> **YOUR ASSIGNMENT**
The reply should hold every record, copied exactly, and none of the pictures.

[RAW DATA — start]

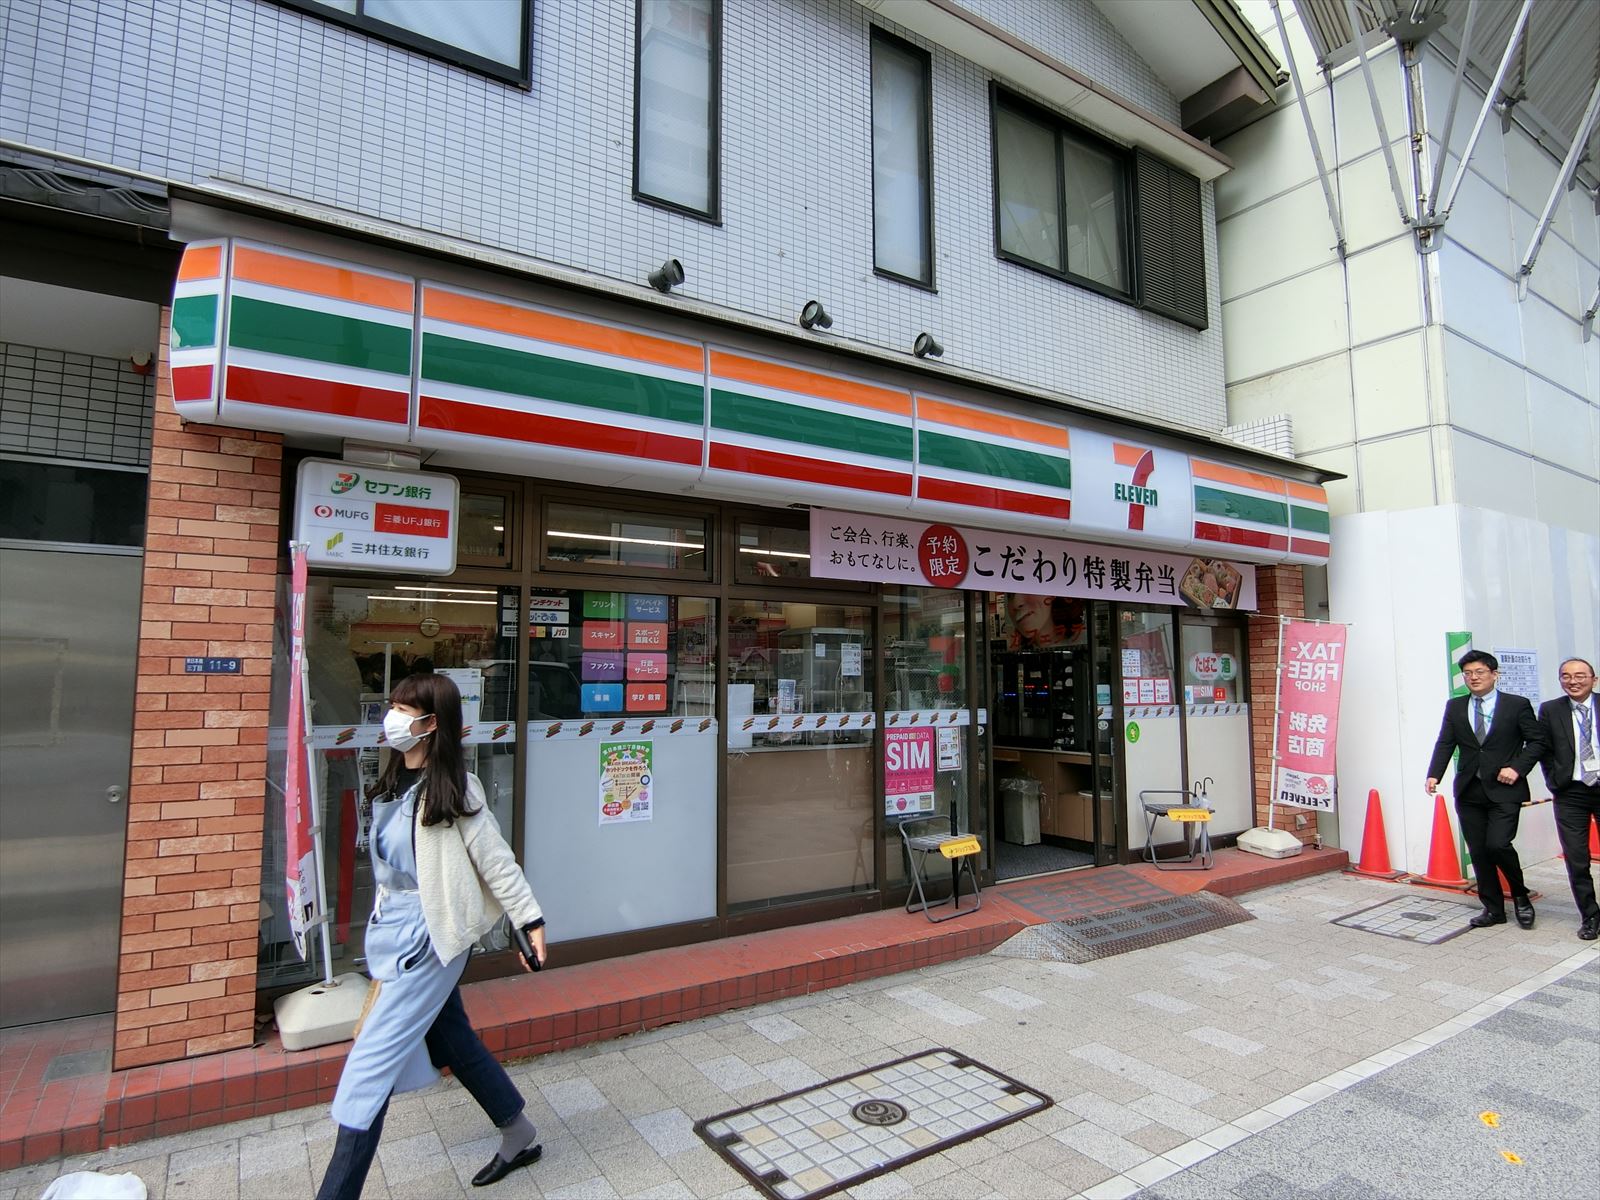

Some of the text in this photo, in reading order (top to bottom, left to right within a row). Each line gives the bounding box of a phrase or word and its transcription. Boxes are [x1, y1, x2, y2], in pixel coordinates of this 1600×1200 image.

[364, 479, 432, 500] セブン銀行
[335, 510, 369, 521] MUFG
[383, 514, 441, 529] 三菱UFJ銀行
[830, 526, 915, 549] ご会合、行楽、
[926, 535, 958, 554] 予約
[351, 542, 430, 559] 三井住友銀行
[829, 550, 916, 573] おもてなしに。
[928, 557, 962, 577] 限定
[973, 544, 1176, 596] こだわり特製弁当
[592, 600, 616, 609] プリント
[636, 606, 661, 614] サービス
[591, 630, 616, 639] スキャン
[635, 629, 660, 637] スポーツ
[209, 661, 236, 670] 11-9
[590, 662, 616, 670] ファクス
[634, 666, 660, 674] サービス
[1195, 656, 1218, 673] たばこ
[1220, 658, 1231, 674] 酒
[886, 732, 909, 741] PREPAID
[886, 741, 930, 771] SIM
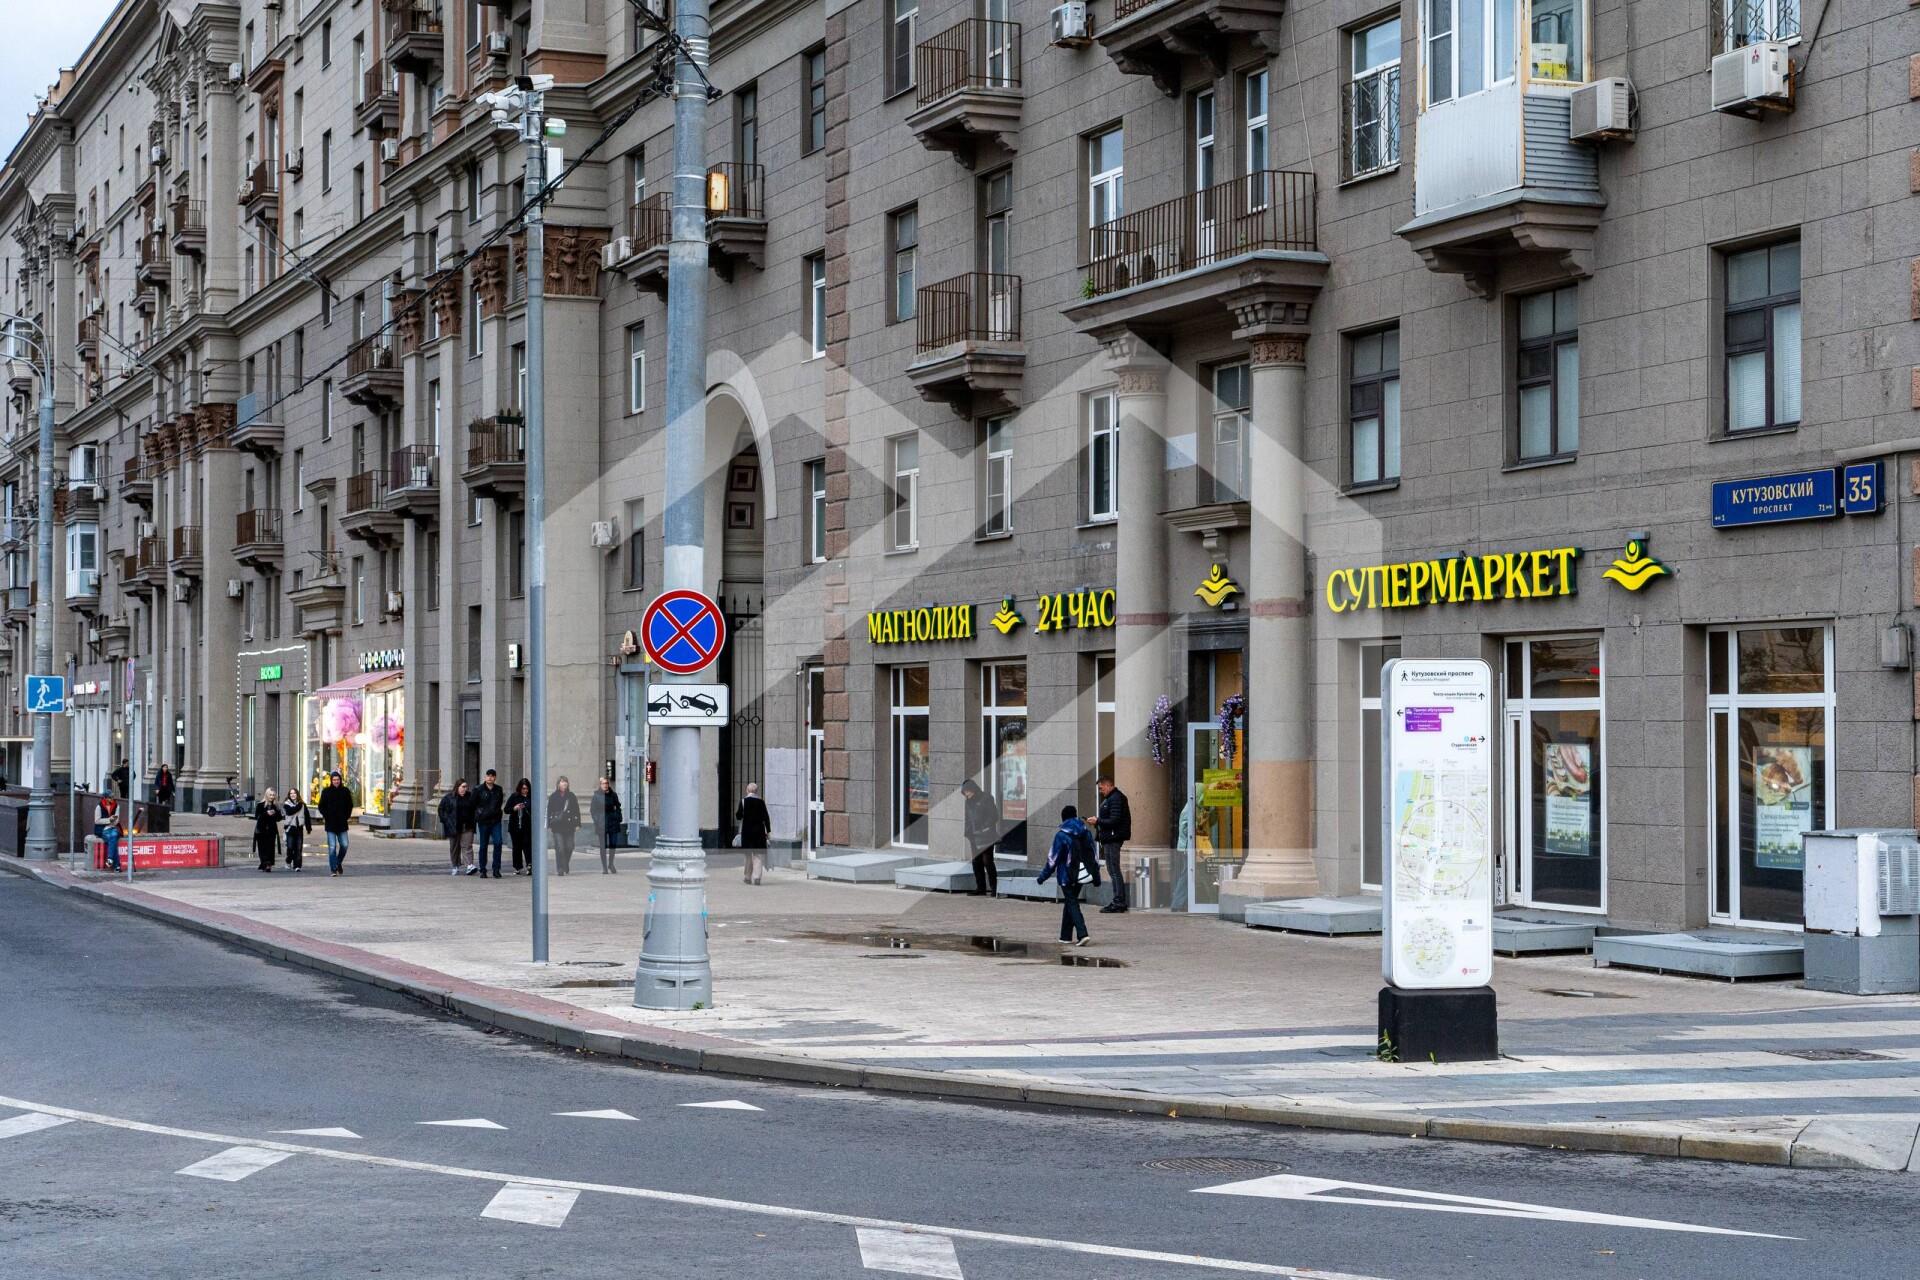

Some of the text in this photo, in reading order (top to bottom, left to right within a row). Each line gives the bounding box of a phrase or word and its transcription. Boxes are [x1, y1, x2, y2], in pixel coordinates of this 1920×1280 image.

[RAW DATA — finish]

> **RESULT OF THIS EXERCISE**
Some of the text in this photo, in reading order (top to bottom, left to right within a row). Each line gives the bounding box of a phrase or word and its transcription. Boxes are [x1, y1, x2, y2], in pixel coordinates of this 1600×1200 image.

[364, 479, 432, 500] セブン銀行
[335, 510, 369, 521] MUFG
[383, 514, 441, 529] 三菱UFJ銀行
[830, 526, 915, 549] ご会合、行楽、
[926, 535, 958, 554] 予約
[351, 542, 430, 559] 三井住友銀行
[829, 550, 916, 573] おもてなしに。
[928, 557, 962, 577] 限定
[973, 544, 1176, 596] こだわり特製弁当
[592, 600, 616, 609] プリント
[636, 606, 661, 614] サービス
[591, 630, 616, 639] スキャン
[635, 629, 660, 637] スポーツ
[209, 661, 236, 670] 11-9
[590, 662, 616, 670] ファクス
[634, 666, 660, 674] サービス
[1195, 656, 1218, 673] たばこ
[1220, 658, 1231, 674] 酒
[886, 732, 909, 741] PREPAID
[886, 741, 930, 771] SIM

Some of the text in this photo, in reading order (top to bottom, left to right within a row). Each line gives the bounding box of a phrase or word and its transcription. Boxes are [x1, y1, x2, y2], in pixel coordinates of this 1920×1280 image.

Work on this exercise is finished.